SportsMart is a sports apparel department store in Hayward. The manager has estimated that weekly demand can be approximated by P = 25 – 0.001Q, where P is price and Q is output per week. The firm’s cost function C = 25,000 + 13Q + 0.002Q2, where C is total cost.
a) What is the firm’s profit maximizing price and output?
b) A former employee decides to sue SportsMart for employment discrimination, and management settles in court. The settlement requires SportsMart to pay the employee $10,000 per month for the next year. What is the profit maximizing price and output for the firm under these new conditions?

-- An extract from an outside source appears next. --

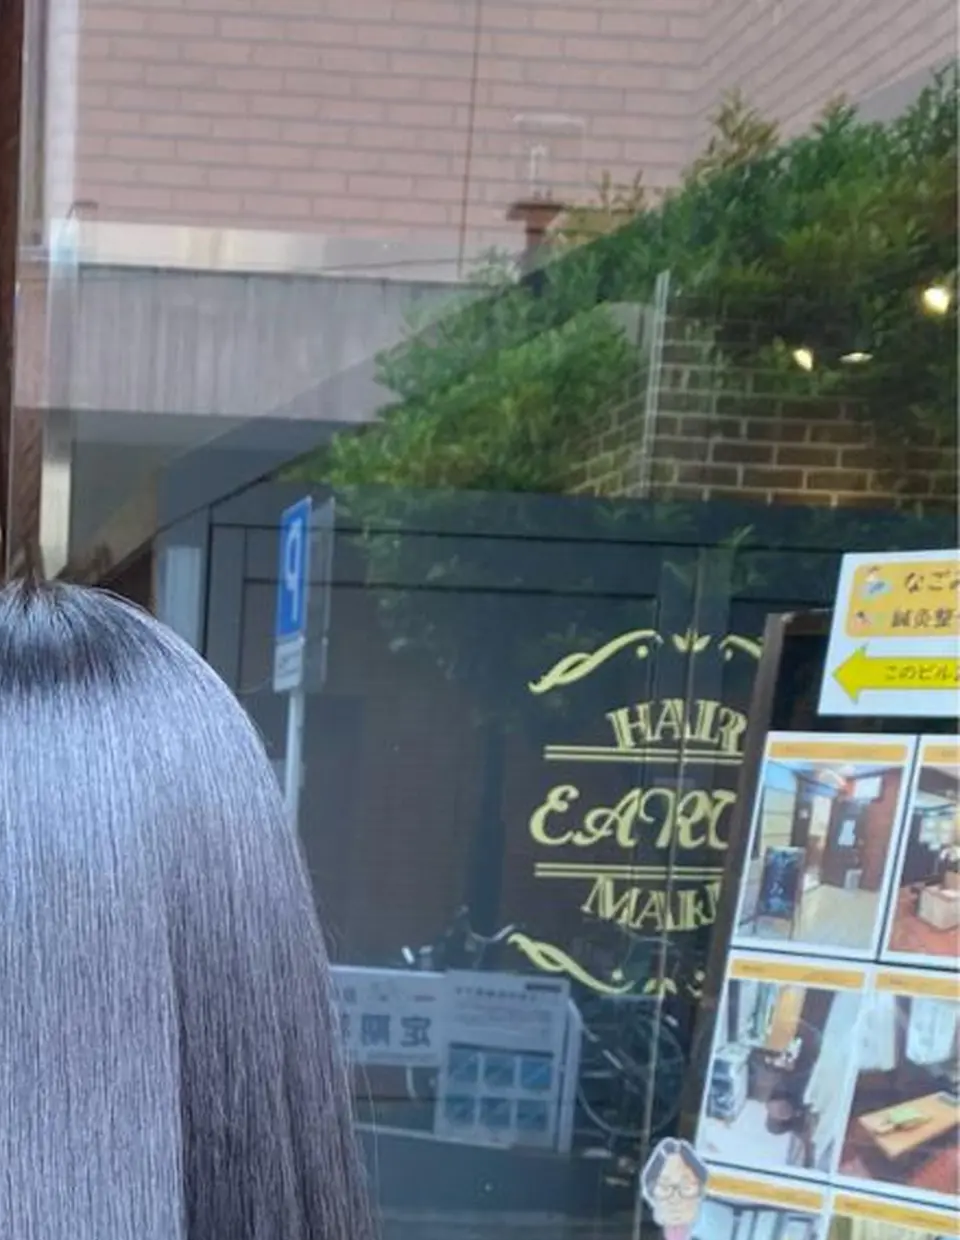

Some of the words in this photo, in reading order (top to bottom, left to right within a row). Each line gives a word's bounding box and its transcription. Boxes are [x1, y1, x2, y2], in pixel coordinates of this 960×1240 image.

Answer a) Firm profit maximization level of output and price are:
P= 25-0.001Q
PQ= 25Q-0.001Q 2
TR= 25Q-0.001Q 2
MR = 25-0.002Q
TC= 25000+13Q+0.002Q 2
MC = 13+0.004Q
Profit maximization level of output is
MR=MC
25-0.002Q=13+0.004Q
12= 0.006Q
Q= 2000 units
P= 25-0.001(2000)= 25-2=$23
B) If employee has been sue and the sports firm has to paid the $10,000 per month than the fixed cost of the firm has been increased for one year. But the variable cost is remain unaffected. This means that the profit maximization level of output and price remain the same. It means MR=MC and output is 2000 units and price is $23.